As for civil and religious rights regarding the family and the relationship between husband, wife and their children and so forth, some of the Islamic laws may not agree with the laws put in place by society itself. For such issues there are only two solutions: The first is to place conditions within the marriage contract, in much the same way as one would adhere to stipulations in a business contract. This would resolve any issues that may arise due to problems within both family and work relations. Whether in the disbursement of owed funds for a dowry, the division of inheritance among the inheritors, or otherwise, all contractual agreements must be honored. This can be done without breaking the laws of the province, state or country in which the person resides.
The second solution is for civil courts to agree to the religious liberties of all people, allowing the people to refer to their own ideologies and religious scholars to do what they can to resolve any issues. Rather than having any controversy around possible “alternative” legal systems, this would simultaneously respect the general laws and allow those who are religious to perform their religious and ideological duties freely. This, of course, would be in direct cooperation with and in association with the courts of the place of residence.

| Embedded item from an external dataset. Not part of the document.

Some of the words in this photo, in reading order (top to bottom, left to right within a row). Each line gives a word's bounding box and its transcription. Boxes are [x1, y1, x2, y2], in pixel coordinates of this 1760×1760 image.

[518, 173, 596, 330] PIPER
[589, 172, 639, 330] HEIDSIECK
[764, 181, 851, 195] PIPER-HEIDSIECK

Archbishop Williams’ belief that introducing aspects of Islamic law in Britain is unavoidable is one that displays wisdom and foresight. He alludes to the fact that the courts do not necessarily acknowledge the ideology behind certain binding religious contracts (such as marriage). In such cases, there is absolutely no contradiction between accepting the laws and the acknowledgment of its religious facets. Shi’a jurists following Seyyid Seestani join the Archbishop in his clear call that “Britain needs to face reality,” however; we would like to present a more precise statement. We do not say that citizens do not depend greatly on the laws of Britain, but rather that citizens need some degree of freedom that guarantees their spiritual and religious security. This can be done by including some of their religious requirements alongside the country’s placed system of laws. This is not something that is impossible to achieve. It has, in fact, already been implemented for followers of other religions. It has also been implemented in some states within the United States, and has proven to be successful in helping in the development of the social fabric, as alluded to by Archbishop Williams.
The topic of the Archbishop’s speech and the point he made therein do not compromise the integrity of the British legal system in any way. In fact, the notion that this great nation makes room for a plurality in its laws (as long as British law is the supreme law in courts) by engaging important segments of the population is consistent with progress. Rather than embellishing certain points and leaving out others in order to twist his words, his nuanced argument needs to be taken for what it is: a wise, realistic, and visionary commentary on Britain’s legal system and the challenges it faces.
Sayyid M. B. Kashmiri is a religious scholar and Director of the Imam Mehdi Association of Marjaeya (I.M.A.M.), the liaison office of Ayatullah Sayyid Ali Seestani for North America.